2 posts tagged “embarrassing”
Disclaimer: I feel like I need to disclaim that I'm a little bit high. Really, only a little bit, just had one hit... It shouldn't even really effect me at all but this stuff is potent shit and it HAS effected me. Anyway, I have sex on the brain so should you continue you read, You'll probably be reading a lotta sexy stuff.
I stopped by the Terrorist house last night on my way home from work. A while ago I mentioned that he should make me some mixed Cd's for work. He felt up to the task and got one done last night, so I stopped by to pick it up. In true Terrorist form, when asked what's on it, he informed me that I would see and that I should like 90% of it. As soon as I get home I fire it up... it's an awesome cd! Now, this doesn't surprise me because I knew he has a gigantic music collection and (for the most part) has good musical taste, but still, it's awesome!!
Little T was there so the Terrorist and I stayed on the porch and had a cigg. I totally wanted to hump him. Just push him back in the hall and completely violate him on the stairs. That would have been nice but as I mentioned before, Little T was there and then there's also my freakish fear of rejection that completely immobilizes me at times. Which is a pain in the ass. It's like my brain and my cooch are at odds against each other. My cooch is ready to skip the pleasantries and go strait to the humping. My brain is a pussy, basically. It's the one who says "Wait a fucking minute!! Yeah sure you think you wanna go jump right in but what if they're not interested? Huh? What about that? Then you're gonna be horny and embarrassed!! So shut the hell up and sit down." That's more or less it. Yeah, I know I'm a little fucked in the head.

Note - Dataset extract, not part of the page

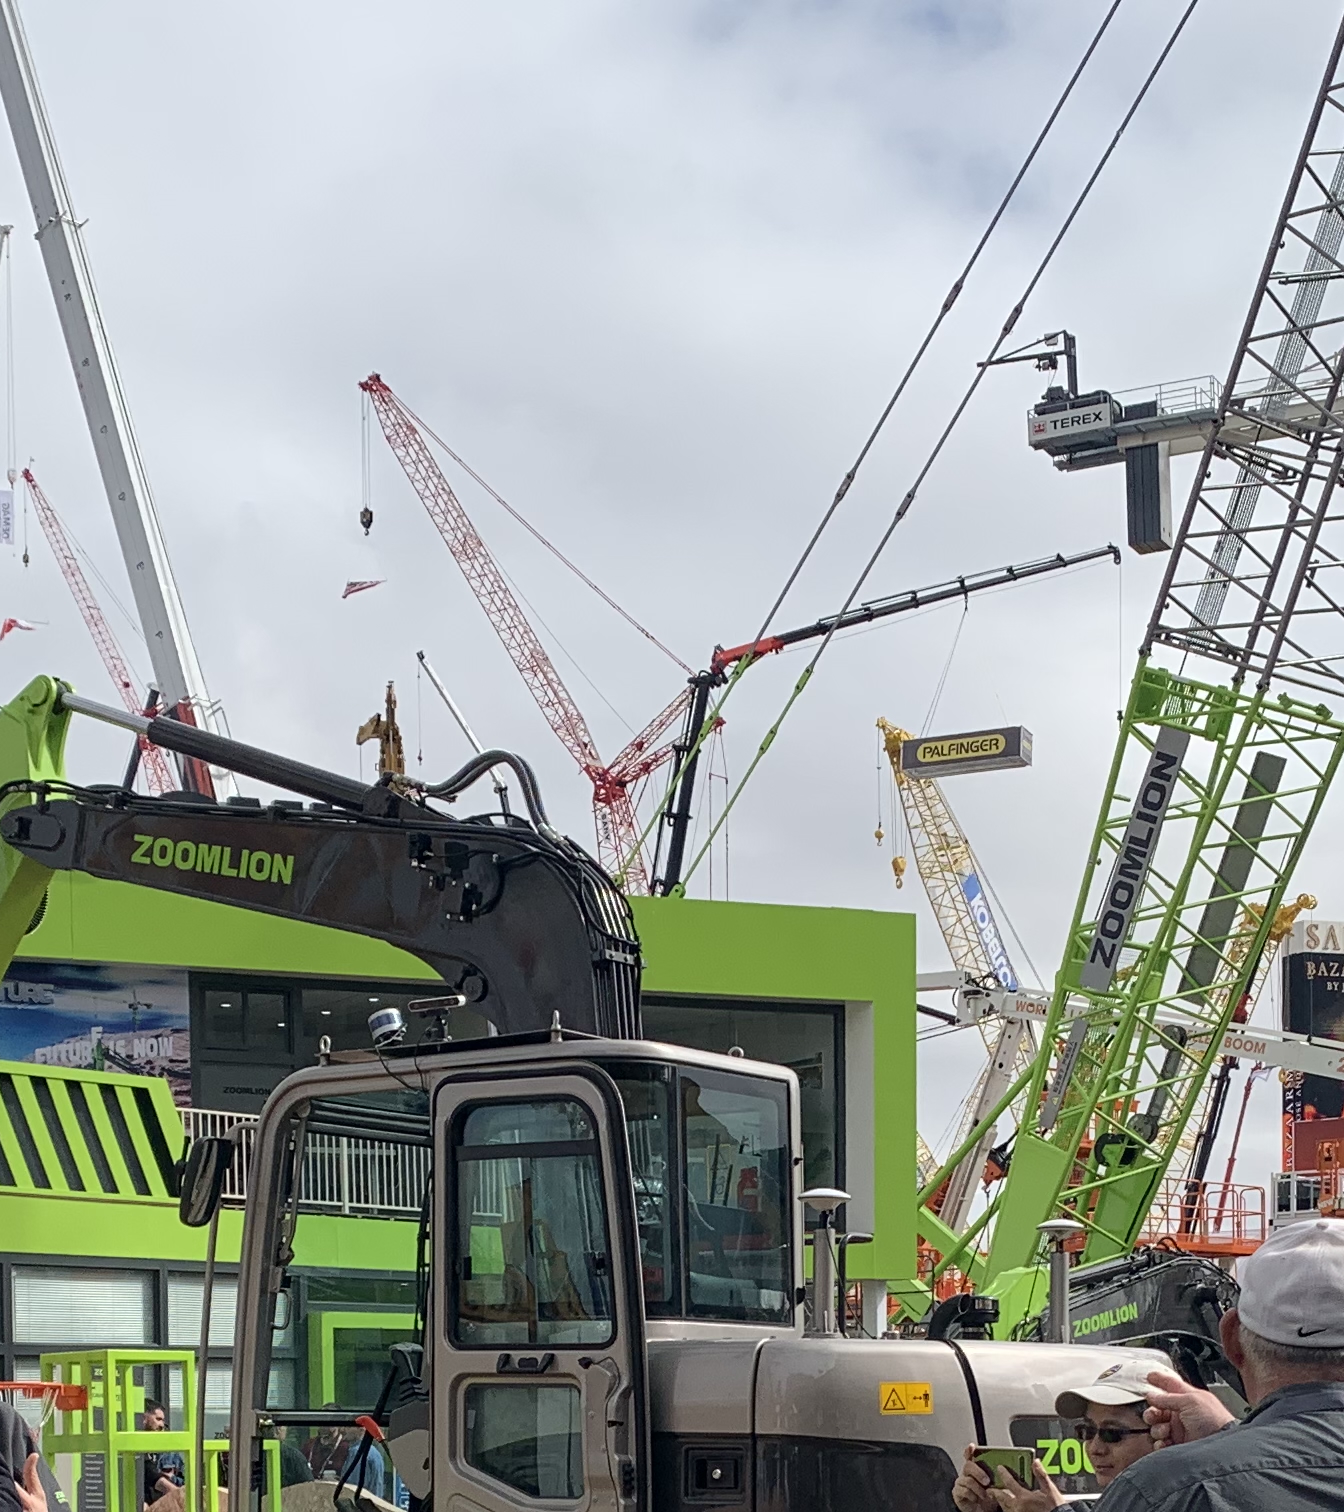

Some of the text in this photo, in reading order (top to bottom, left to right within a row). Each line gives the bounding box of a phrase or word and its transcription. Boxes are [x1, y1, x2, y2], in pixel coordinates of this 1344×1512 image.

Had some really great sex last night. Granted, it was with myself, but it was still pretty good. I haven't has sex in what feels like forever. Now, in my world "forever" actually means a week or so, but it still sucks. I've been kind of out of sorts this week, either bleeding or illish or exhausted and in all honesty I haven't really thought of it much while in opportunities that could result in sex. Now, that I'm sitting on my couch alone, it's all I can think about. That's stupid.
I need to get ready for work.
but instead I'm going to blog cause I'm cool like that.
I have no reefer and that saddens me greatly!!
I also fucked up my ankle and that too saddens me.
Why don't I have any reefer you ask?
'Cause I smoked it all.
I generally get my reefer from the T's neighbor and I meant to call him to see if I could get some today before work but I totally forgot. Why? 'Cause I was stoned. Smart, huh? Oh well. I shouldn't smoke. I should just go to bed anyway.
My ankle...
I'm not positive but I'm pretty sure I fucked it up at work.
The details are kind of involved and somewhat embarrassing but the condensed version... I fell.
And I blame She Wants Revenge (because god knows I'm not to blame for ANYTHING in my life)
The good news (if I recall correctly from my massage training) because
it hurts during active and not passive movement that means its a muscle
injury (not a ligament injury) which means if I tough it out it'll
probably get better in a few days.
Possibly, if I get the motivation, I'll explain later with visual or audio aids.
For now, I'm going to go crawl into the magical bed and drift off to Happy Friday thoughts. 'Cause TOMORROW IS MY FRIDAY!